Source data

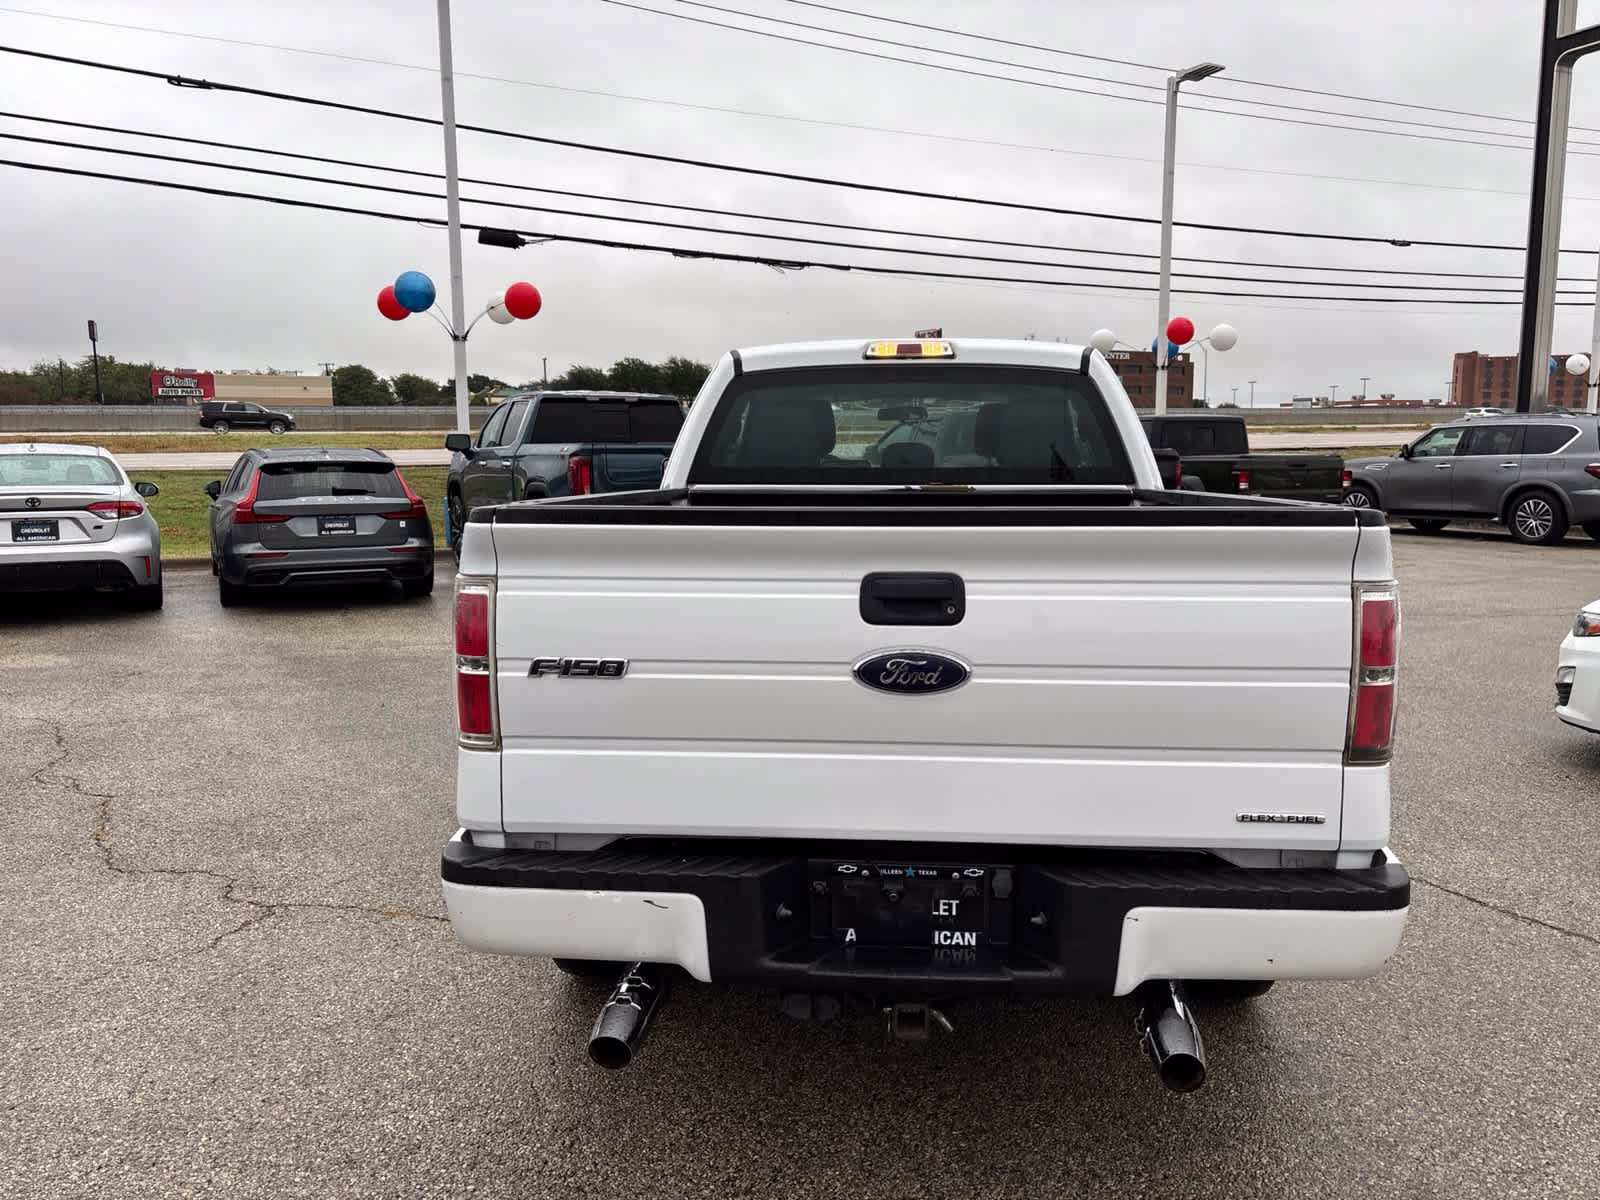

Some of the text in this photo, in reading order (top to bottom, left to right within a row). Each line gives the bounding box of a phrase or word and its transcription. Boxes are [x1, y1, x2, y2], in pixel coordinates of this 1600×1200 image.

[1104, 352, 1130, 360] ENTER
[880, 659, 943, 685] Ford
[1237, 813, 1325, 825] FLEX FUEL
[880, 868, 904, 876] ILLEEN
[934, 930, 977, 946] ICAN
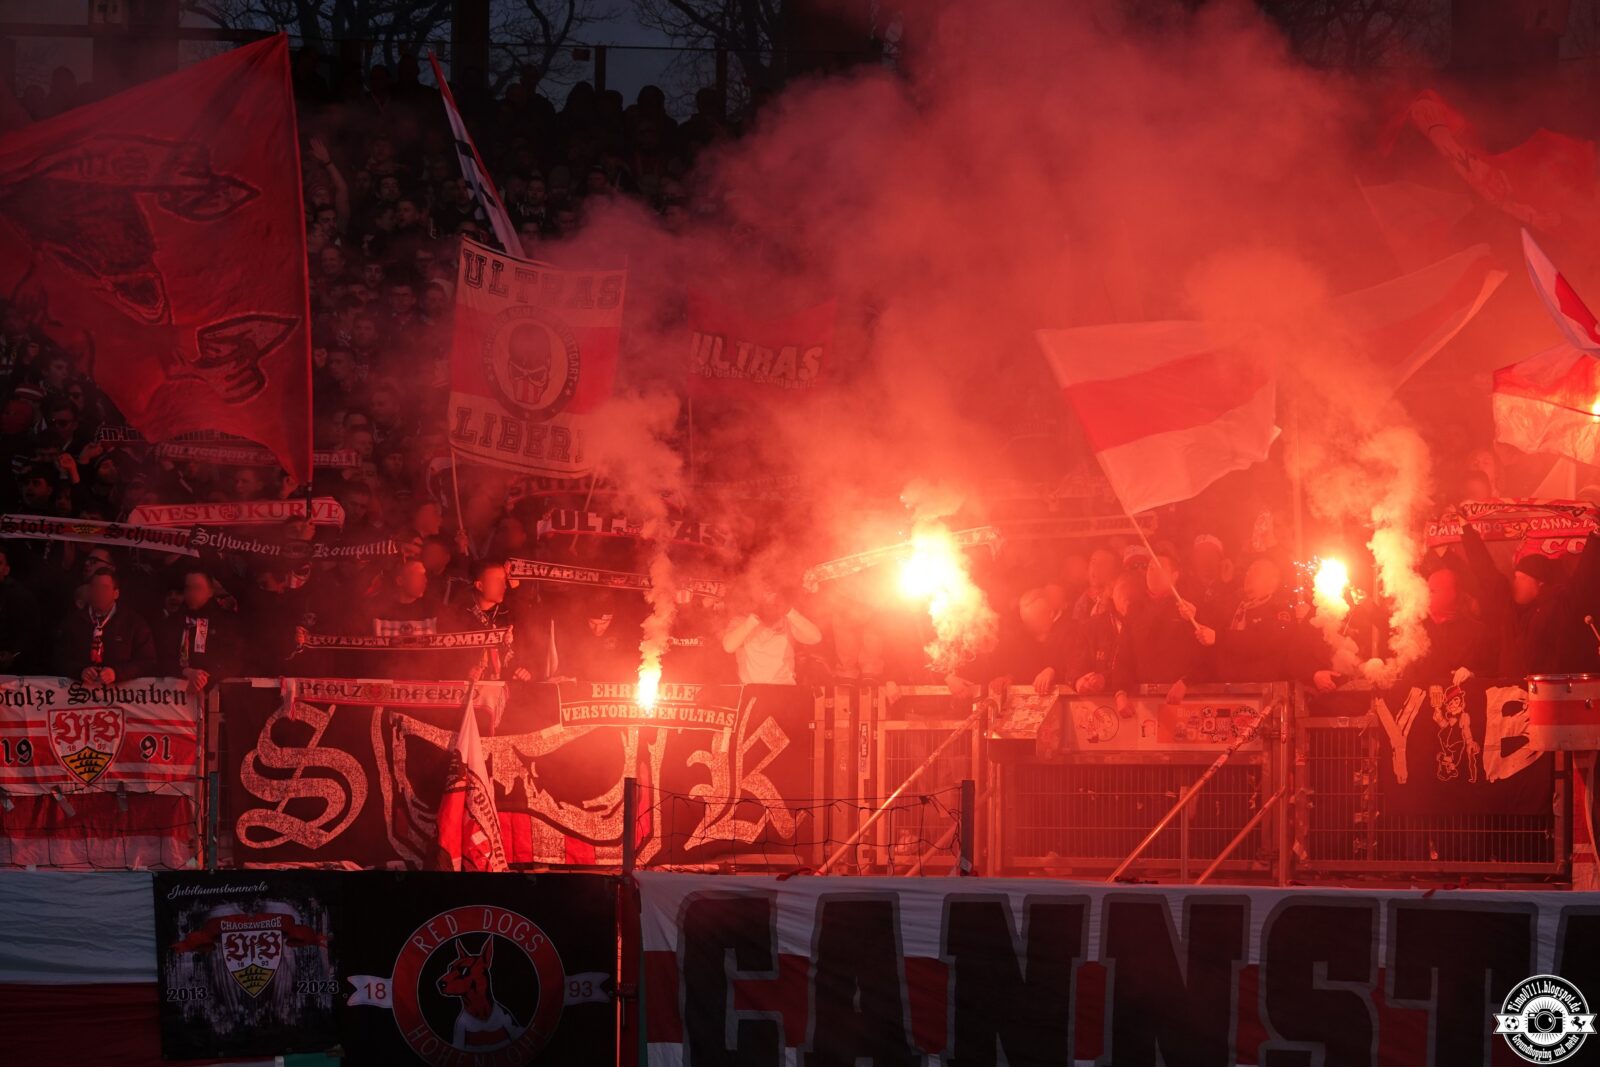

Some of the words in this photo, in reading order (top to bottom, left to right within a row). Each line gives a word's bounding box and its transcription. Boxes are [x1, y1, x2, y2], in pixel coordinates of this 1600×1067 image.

[463, 249, 624, 310] ULTRAS
[690, 331, 824, 382] ULTRAS
[138, 505, 217, 523] WEST
[248, 501, 340, 520] KURVE
[1, 515, 65, 540] Stolze
[191, 527, 281, 557] Schwaben
[0, 685, 55, 711] tolze
[67, 682, 188, 707] Schwaben
[52, 711, 121, 745] VfB
[679, 707, 736, 727] ULTRAS
[1, 738, 33, 765] 19
[140, 735, 172, 761] 91
[220, 916, 282, 931] CHAOSZWERGE
[412, 914, 460, 954] RED
[481, 908, 545, 953] DOGS
[223, 931, 281, 962] VfB
[297, 979, 340, 995] 2023
[568, 980, 594, 998] 93
[676, 888, 1600, 1067] CANNST
[167, 986, 209, 1002] 2013
[363, 982, 387, 1000] 18
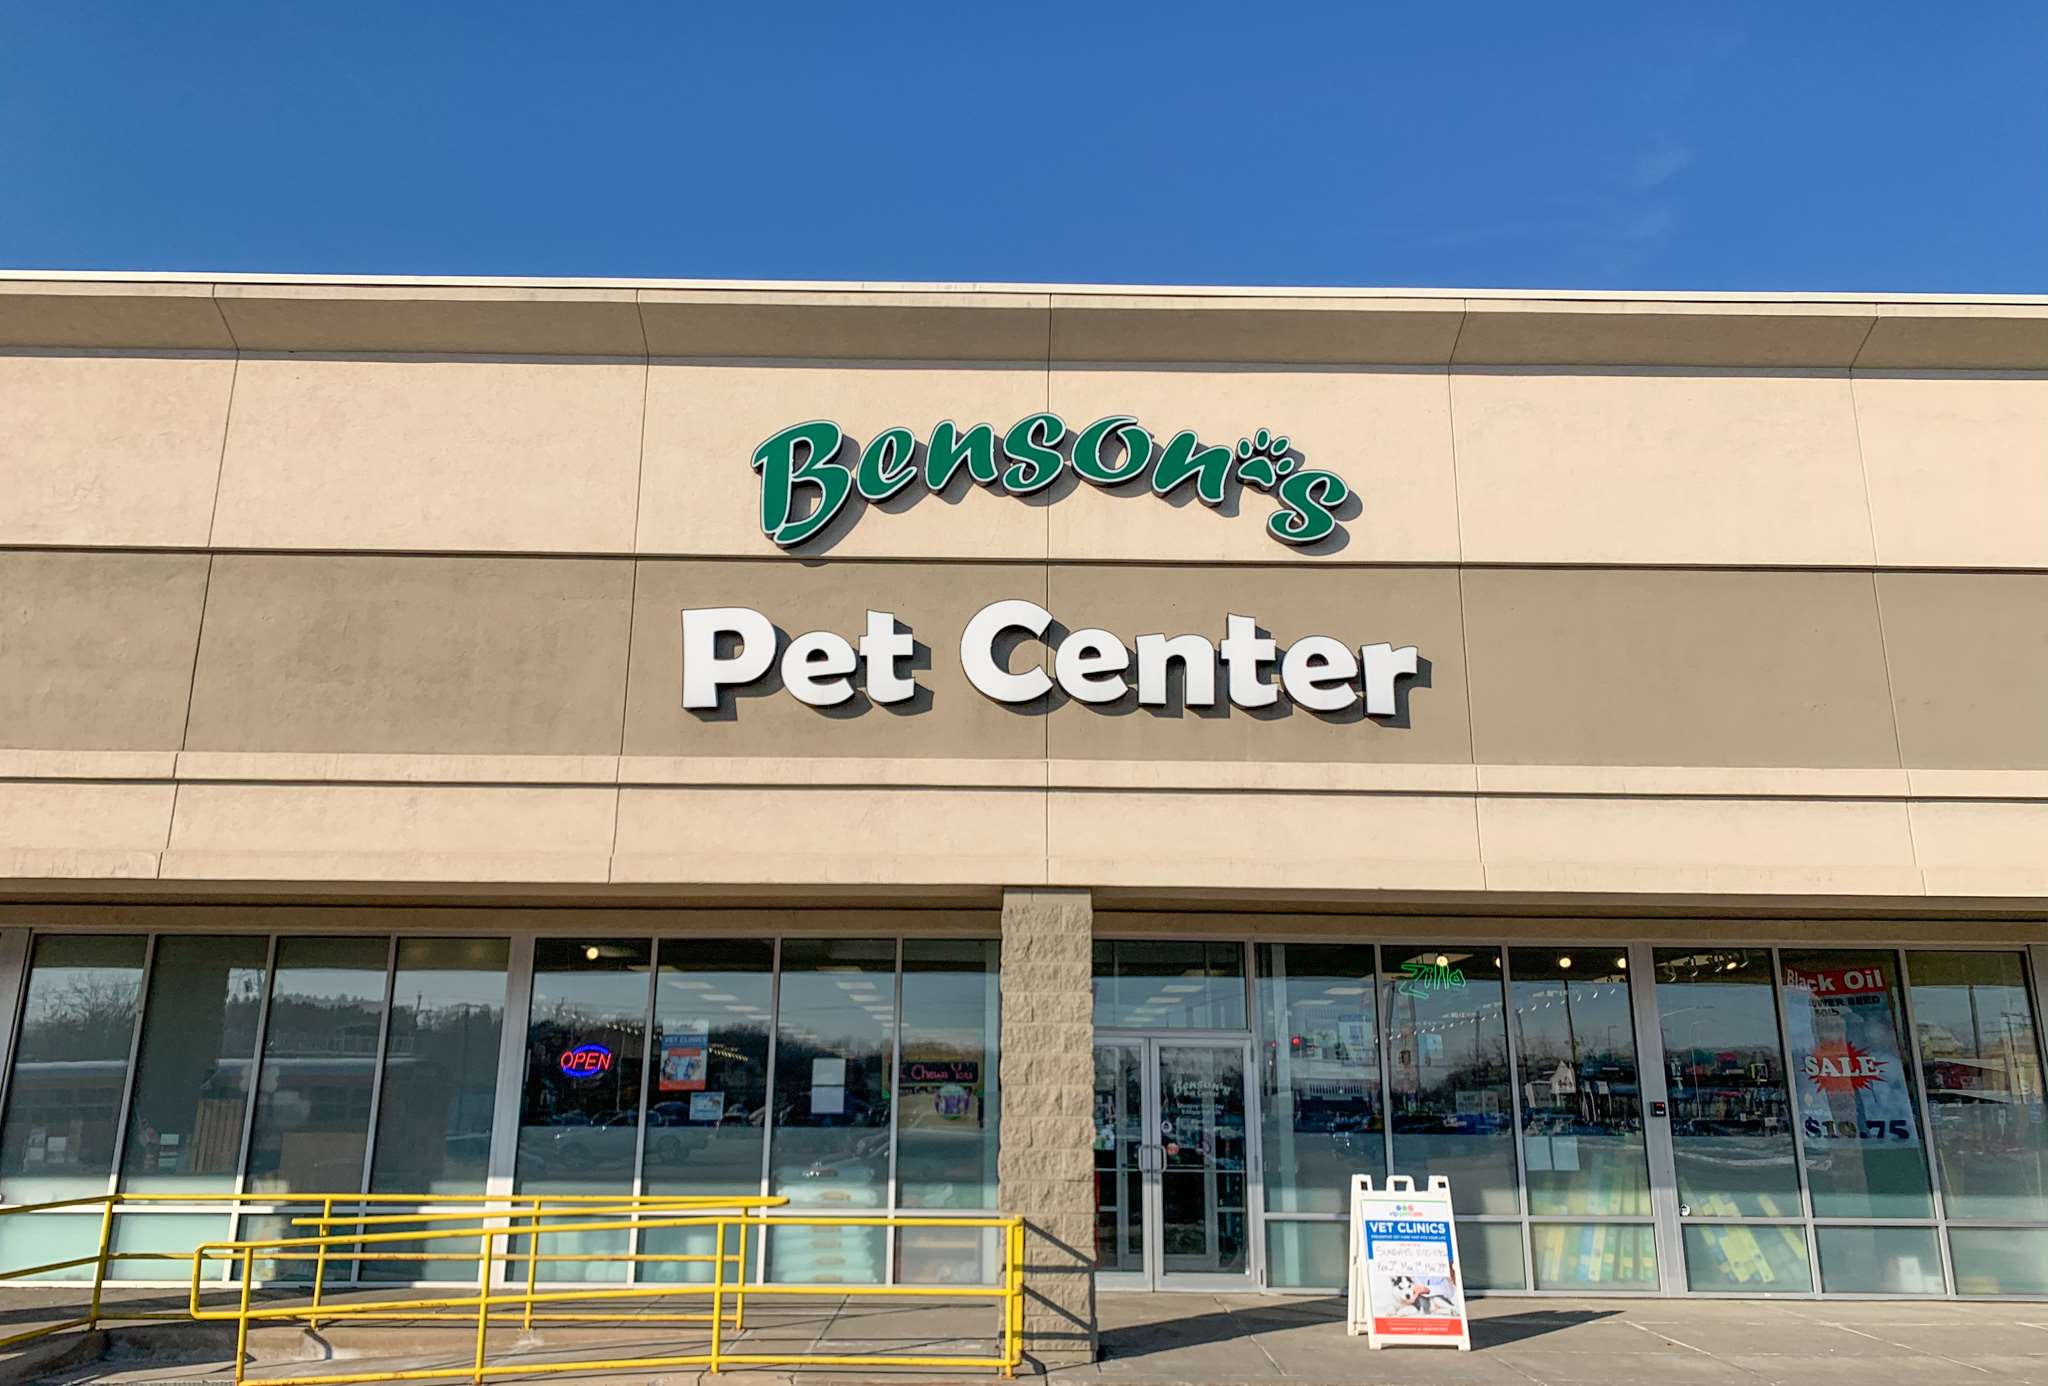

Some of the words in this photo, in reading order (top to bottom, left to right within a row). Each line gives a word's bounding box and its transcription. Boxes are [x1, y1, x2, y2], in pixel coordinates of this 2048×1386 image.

[681, 607, 915, 711] Pet
[960, 599, 1418, 716] Center
[1399, 963, 1467, 999] Zilla
[1787, 969, 1836, 992] Black
[1844, 969, 1883, 989] Oil
[561, 1051, 612, 1070] OPEN
[1804, 1055, 1881, 1077] SALE
[1369, 1222, 1394, 1233] VET
[1397, 1223, 1446, 1234] CLINICS

§ ACTIVITY: The records above are to be transcribed in full, with images omitted.

§ OUTPUT OF THE TASK:
Some of the text in this photo, in reading order (top to bottom, left to right within a row). Each line gives the bounding box of a phrase or word and its transcription. Boxes are [x1, y1, x2, y2], in pixel coordinates of this 1600×1200 image.

[1104, 352, 1130, 360] ENTER
[880, 659, 943, 685] Ford
[1237, 813, 1325, 825] FLEX FUEL
[880, 868, 904, 876] ILLEEN
[934, 930, 977, 946] ICAN

Some of the words in this photo, in reading order (top to bottom, left to right within a row). Each line gives a word's bounding box and its transcription. Boxes are [x1, y1, x2, y2], in pixel coordinates of this 1600×1067 image.

[463, 249, 624, 310] ULTRAS
[690, 331, 824, 382] ULTRAS
[138, 505, 217, 523] WEST
[248, 501, 340, 520] KURVE
[1, 515, 65, 540] Stolze
[191, 527, 281, 557] Schwaben
[0, 685, 55, 711] tolze
[67, 682, 188, 707] Schwaben
[52, 711, 121, 745] VfB
[679, 707, 736, 727] ULTRAS
[1, 738, 33, 765] 19
[140, 735, 172, 761] 91
[220, 916, 282, 931] CHAOSZWERGE
[412, 914, 460, 954] RED
[481, 908, 545, 953] DOGS
[223, 931, 281, 962] VfB
[297, 979, 340, 995] 2023
[568, 980, 594, 998] 93
[676, 888, 1600, 1067] CANNST
[167, 986, 209, 1002] 2013
[363, 982, 387, 1000] 18

Some of the words in this photo, in reading order (top to bottom, left to right within a row). Each line gives a word's bounding box and its transcription. Boxes are [x1, y1, x2, y2], in pixel coordinates of this 2048×1386 image.

[681, 607, 915, 711] Pet
[960, 599, 1418, 716] Center
[1399, 963, 1467, 999] Zilla
[1787, 969, 1836, 992] Black
[1844, 969, 1883, 989] Oil
[561, 1051, 612, 1070] OPEN
[1804, 1055, 1881, 1077] SALE
[1369, 1222, 1394, 1233] VET
[1397, 1223, 1446, 1234] CLINICS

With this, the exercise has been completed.